Use a router to co-ordinate HOSTS to prevent malicious site attacks (1)

Many network administrators encounter malicious website attacks when managing internal networks and preventing viruses. Many employees' computers often access malicious websites automatically due to the accidental installation of rogue software, as a result, the virus can spread in a wide range. In the past, we used to edit the HOSTS file of the employee's computer to point the illegal site to the 127.0.0.1 address and filter it out. However, this method is relatively cumbersome and increases the workload of network administrators, is there a way to filter Intranet domain name access in batches? The answer is yes. Today, I would like to invite you to use the routers to manage HOSTS files to prevent unauthorized access to malicious sites.

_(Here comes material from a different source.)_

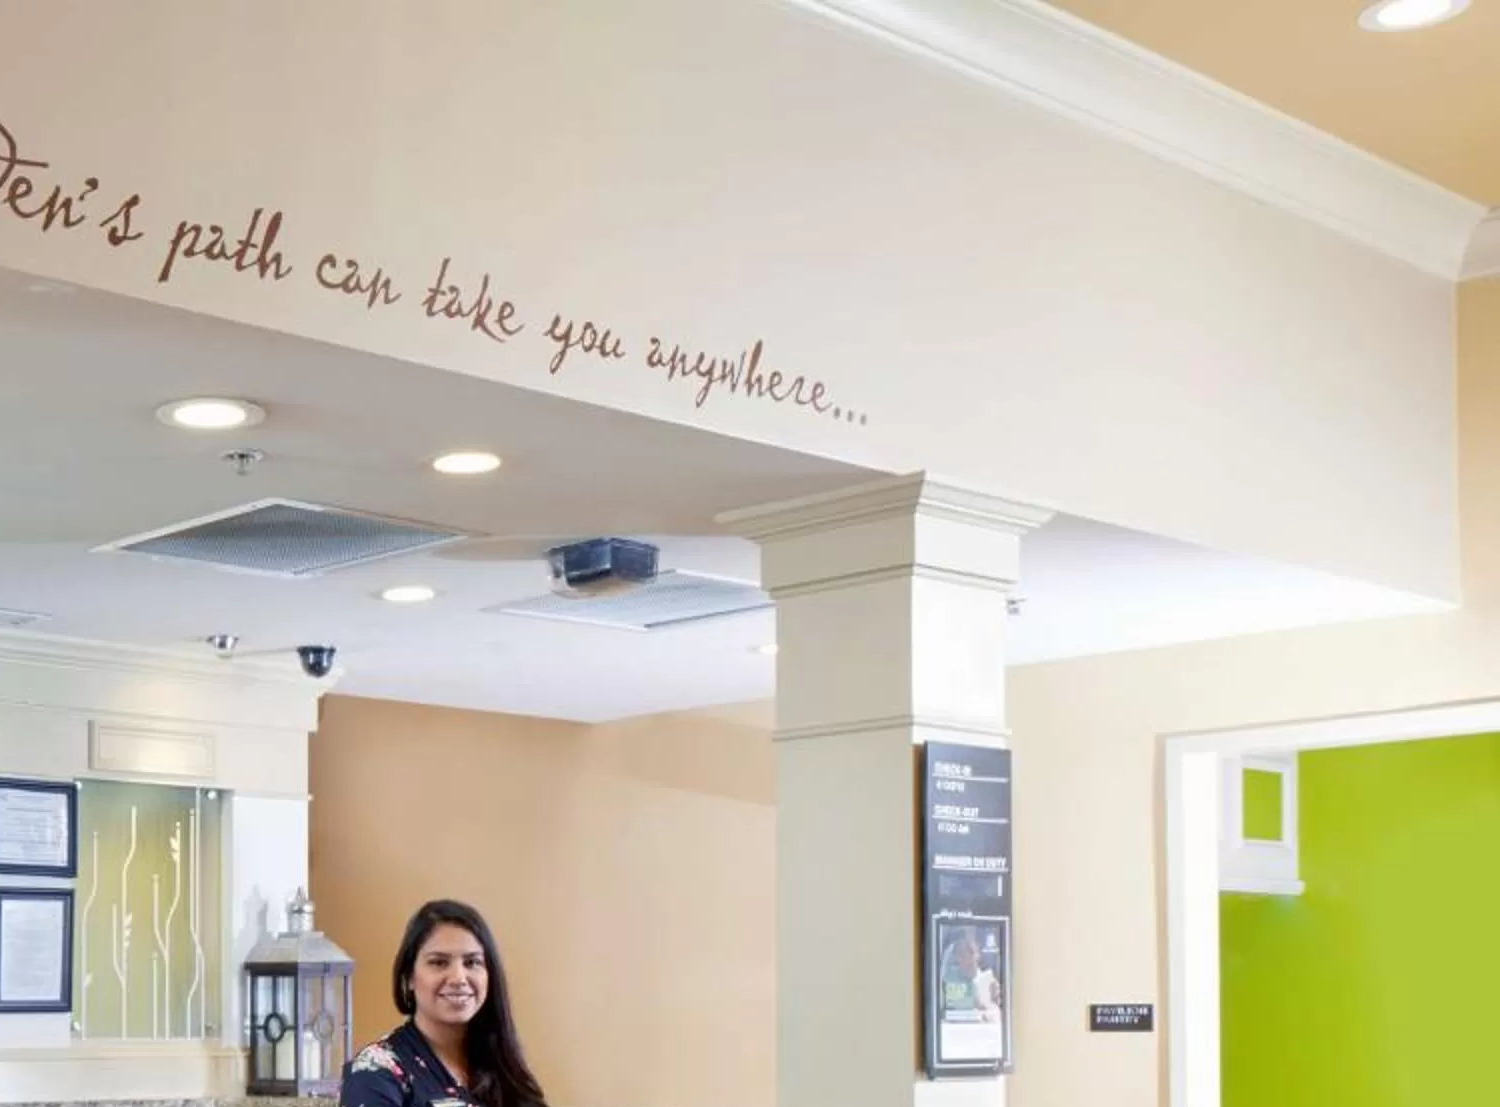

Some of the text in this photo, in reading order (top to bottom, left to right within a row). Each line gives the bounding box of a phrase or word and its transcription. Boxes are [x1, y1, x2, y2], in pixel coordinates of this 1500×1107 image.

I. How to use a router to co-ordinate HOSTS to prevent malicious site Attacks:

At the beginning, we introduced the traditional way to prevent employees' computers from accessing malicious website domain names by editing HOSTS files. In our system directory, c: the file exists in the \ windows \ system32 \ drivers \ etc directory. The HOSTS file takes precedence over DNS resolution during function running, to put it bluntly, the domain name ing relationship exists here will be used directly, so after you specify the IP address of the malicious site in the HOSTS file, when you access these malicious sites, they are automatically forwarded to the specified IP address to avoid viruses and Trojans. (1)

The ing relationships added to the HOSTS file are similar to those in the format of "127.0.0.1 www.sex.com", so that the computer automatically points to 127.0.0.1 when accessing www.sex.com from the local machine, this avoids being infected by rogue plug-ins and virus programs on www.sex.com. (2)

However, the efficiency of modifying the HOSTS file is too low. When there are dozens or even hundreds of computers in the enterprise, we need to edit the HOSTS repeatedly to filter the files. The overall implementation efficiency is relatively low, and once a new malicious site appears, we need to re-execute all the above operations to add new entries.

In fact, we can manage the DNS function of the HOSTS file from the router, which avoids the heavy work of repeatedly editing HOSTS to each host, on the other hand, it provides a more convenient way to update the corresponding entries of the HOSTS file in the future.